— Required work —
Retype the line containing "this 1280×960 image." and each later line through the end of the listing, exactly as written, with no other lines.

Records: Begin

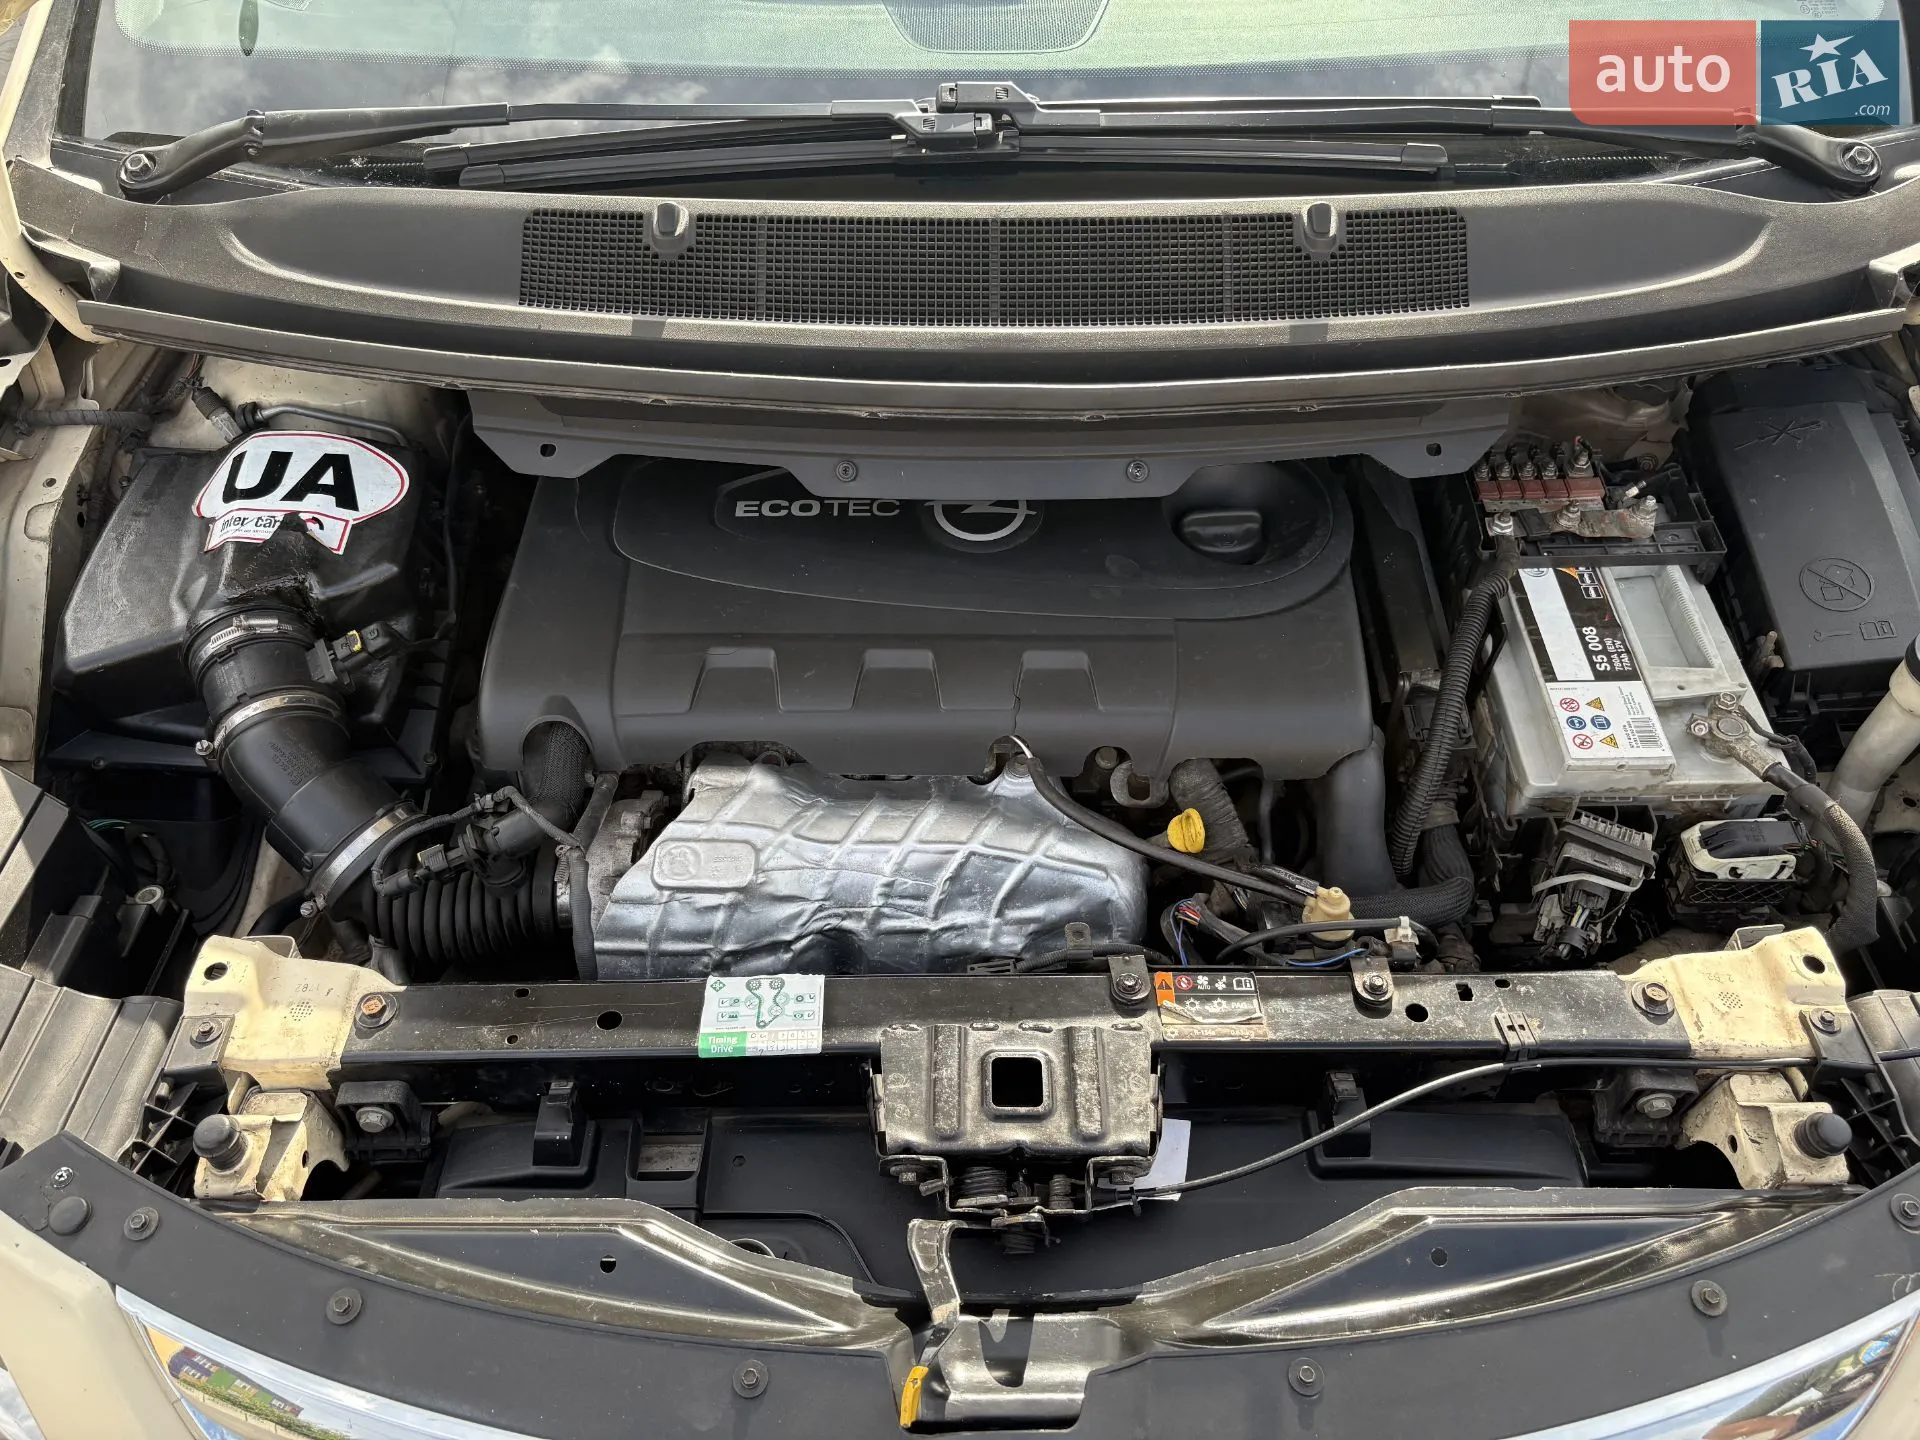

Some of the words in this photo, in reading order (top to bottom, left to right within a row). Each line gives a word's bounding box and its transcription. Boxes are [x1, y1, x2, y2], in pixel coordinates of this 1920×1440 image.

[222, 450, 360, 512] UA
[735, 499, 901, 517] ECOTEC
[220, 515, 249, 532] inter
[1582, 626, 1603, 651] 008
[1604, 638, 1616, 653] (EN)
[1613, 639, 1625, 653] 12V
[1593, 654, 1611, 671] S5
[1619, 653, 1632, 671] 77Ah
[708, 1036, 738, 1046] Timing
[710, 1045, 734, 1054] Drive
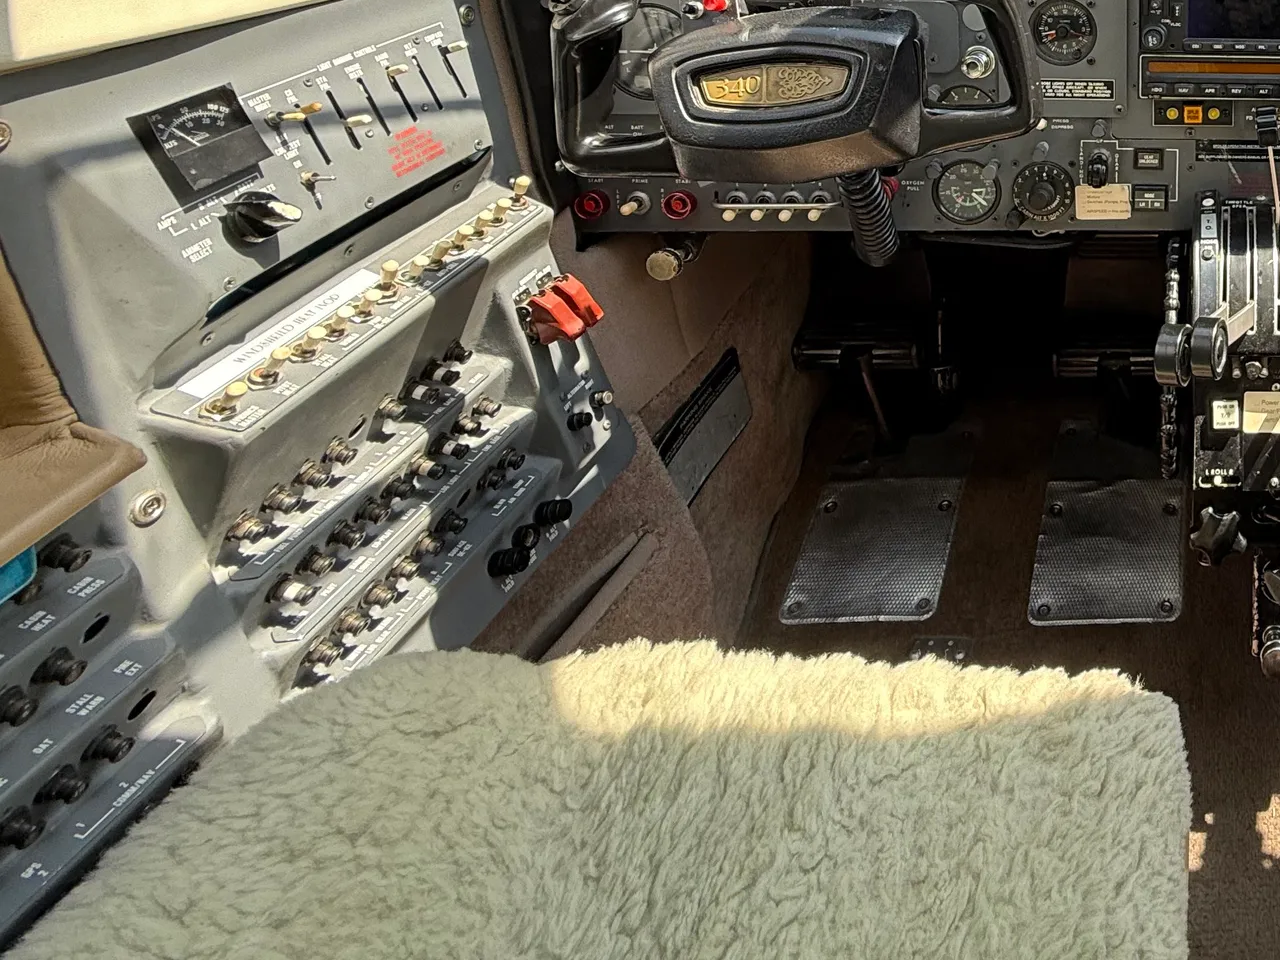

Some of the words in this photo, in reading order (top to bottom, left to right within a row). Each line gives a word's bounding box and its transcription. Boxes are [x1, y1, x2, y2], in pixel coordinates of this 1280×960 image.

[714, 75, 761, 98] 340
[157, 217, 177, 230] AMPS
[182, 239, 213, 258] AMMETER
[190, 248, 213, 263] SELECT
[67, 576, 94, 595] CABIN
[77, 579, 106, 598] PRESS
[18, 610, 46, 630] CABIN
[31, 614, 56, 632] HEAT
[113, 659, 134, 674] FIRE
[124, 663, 144, 677] EXT
[65, 693, 94, 715] STALL
[77, 696, 105, 716] WARN
[32, 738, 54, 755] OAT
[113, 769, 156, 808] COMM/NAV
[20, 863, 42, 880] GPS

Records: End

— Exercise answer —
Some of the words in this photo, in reading order (top to bottom, left to right within a row). Each line gives a word's bounding box and its transcription. Boxes are [x1, y1, x2, y2], in pixel coordinates of this 1280×960 image.

[714, 75, 761, 98] 340
[157, 217, 177, 230] AMPS
[182, 239, 213, 258] AMMETER
[190, 248, 213, 263] SELECT
[67, 576, 94, 595] CABIN
[77, 579, 106, 598] PRESS
[18, 610, 46, 630] CABIN
[31, 614, 56, 632] HEAT
[113, 659, 134, 674] FIRE
[124, 663, 144, 677] EXT
[65, 693, 94, 715] STALL
[77, 696, 105, 716] WARN
[32, 738, 54, 755] OAT
[113, 769, 156, 808] COMM/NAV
[20, 863, 42, 880] GPS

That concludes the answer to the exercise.